The dipeptide N-acetylmethionylglycine (MeCO-Met-Gly) reacted, via the thioether group in the methionyl side chain, with five different palladium(II) aqua complexes. The complexes cis-[Pd(en)(H₂O)₂]²⁺(en = H₂NCH₂CH₂NH₂) and cis-[Pd(pn)(H₂O)₂]²⁺(pn = H₂NCH₂CH₂CH₂NH₂) yield [Pd₂(µ-MeCO-Met-Gly)₂(H₂O)₄]⁴⁺A, cis-[Pd(Met-S,N)(H₂O)₂]²⁺ yields trans-[Pd₂(µ-MeCO-Met-Gly)₂(H₂O)₂(HMet)₂]⁶⁺, B and trans-[Pd₂{Cys(Me)-S,N}₂(H₂O)₂]⁴⁺[Cys(Me)=S-methylcysteine] yields trans-[Pd₂{µ-HCys(Me)}₂(H₂O)₂(MeCO-Met-Gly)₂]⁶⁺C. The complex cis-[Pd(dtco)(H₂O)₂]²⁺(dtco = 1,5-dithiacyclooctane) yields [Pd₂(µ-MeCO-Met-Gly)₂(dtco)₂]⁴⁺, D. These reactions and hydrolytic cleavage of the methionine–glycine amide bond in the co-ordinated MeCO-Met-Gly are conveniently monitored by ¹H NMR spectroscopy. The rate of cleavage decreases in the order A > B≈C > D, in which the number of aqua ligands per peptide ligand decreases.

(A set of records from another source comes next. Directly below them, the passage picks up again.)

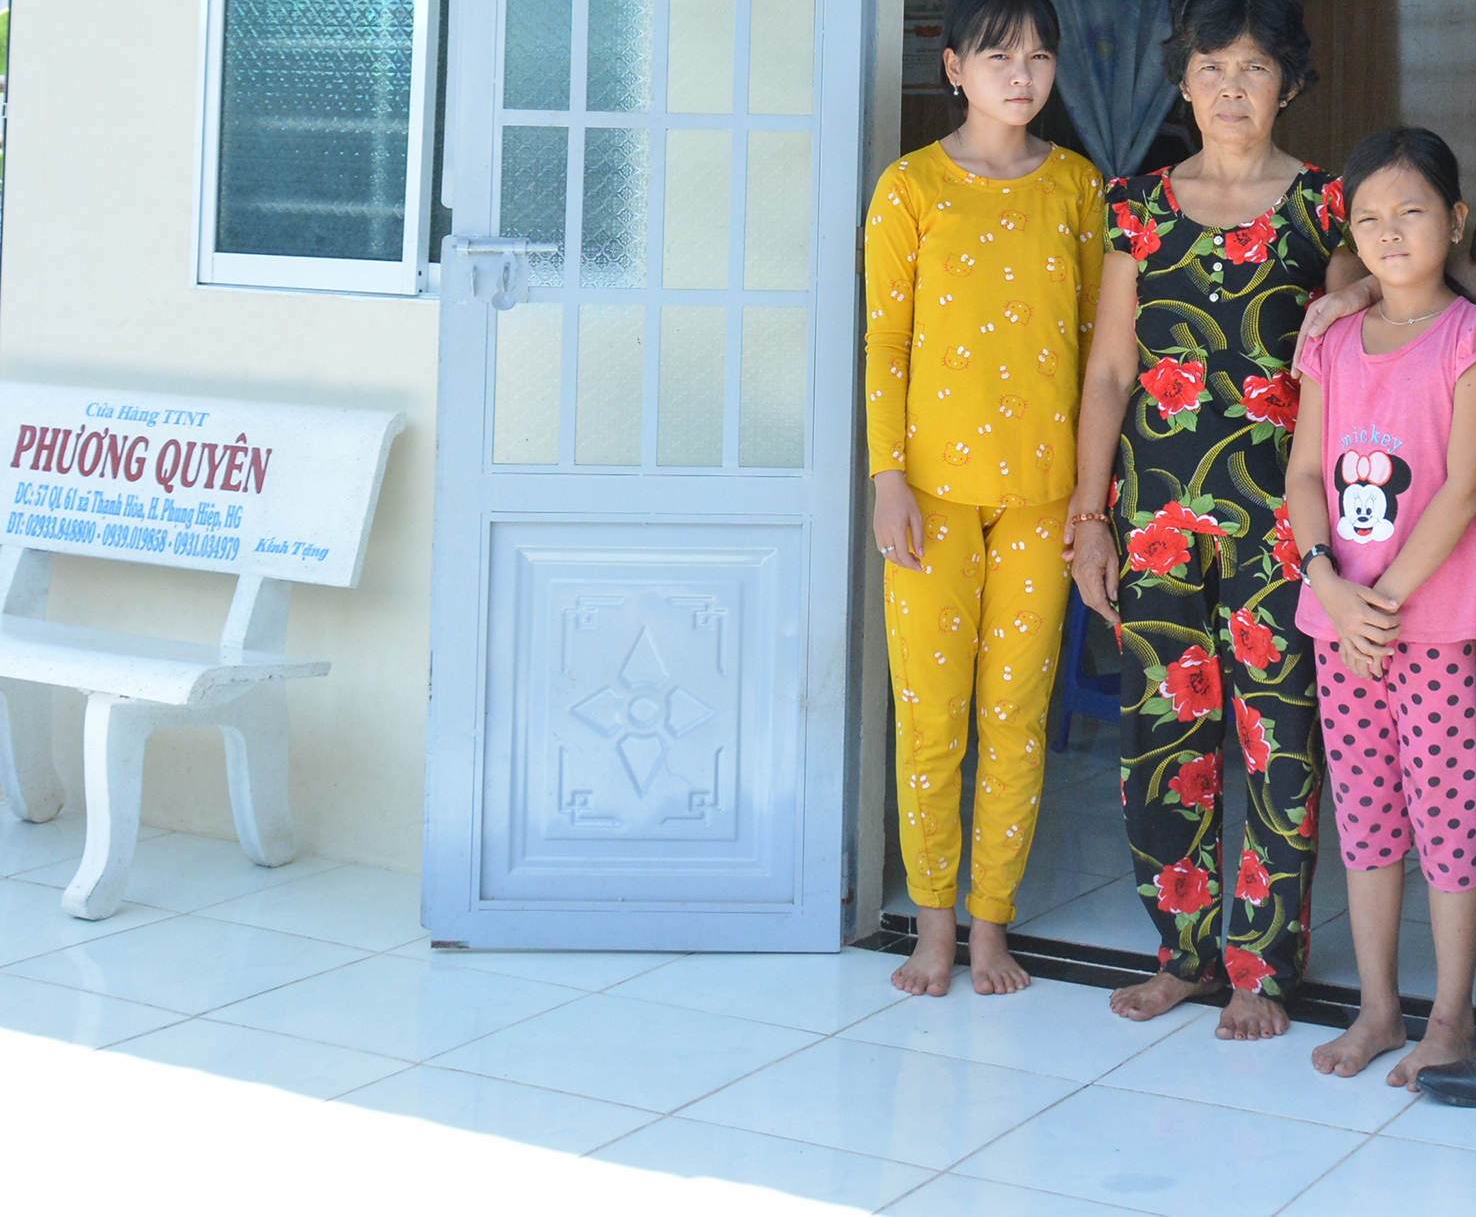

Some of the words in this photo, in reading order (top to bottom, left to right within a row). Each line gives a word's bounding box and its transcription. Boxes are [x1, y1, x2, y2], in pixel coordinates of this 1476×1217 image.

[86, 402, 114, 419] Cửa
[117, 405, 160, 427] Hàng
[163, 409, 209, 428] TTNT
[1341, 423, 1404, 454] mickey
[10, 424, 150, 482] PHƯƠNG
[155, 432, 272, 494] QUYÊN
[14, 481, 34, 505] ĐC:
[34, 484, 49, 507] 57
[48, 485, 63, 512] QL
[63, 487, 77, 511] 61
[76, 490, 92, 513] xã
[91, 490, 123, 520] Thạnh
[123, 494, 145, 521] Hòa,
[147, 496, 160, 520] H.
[160, 498, 195, 530] Phụng
[194, 501, 222, 532] Hiệp,
[223, 504, 243, 530] HG
[6, 511, 25, 535] ĐT:
[102, 523, 168, 553] 0939.019858
[173, 530, 240, 561] 0931.034979
[253, 536, 289, 555] Kính
[291, 541, 330, 562] Tặng

Intramolecular attack by aqua ligands is more efficient than external attack by water molecules from the solvent. The peptide ligands occupying terminal and bridging positions in the binuclear palladium(II) complexes undergo hydrolysis at similar rates. This study shows the importance of polynuclear metal complexes in hydrolytic cleavage of peptide bonds.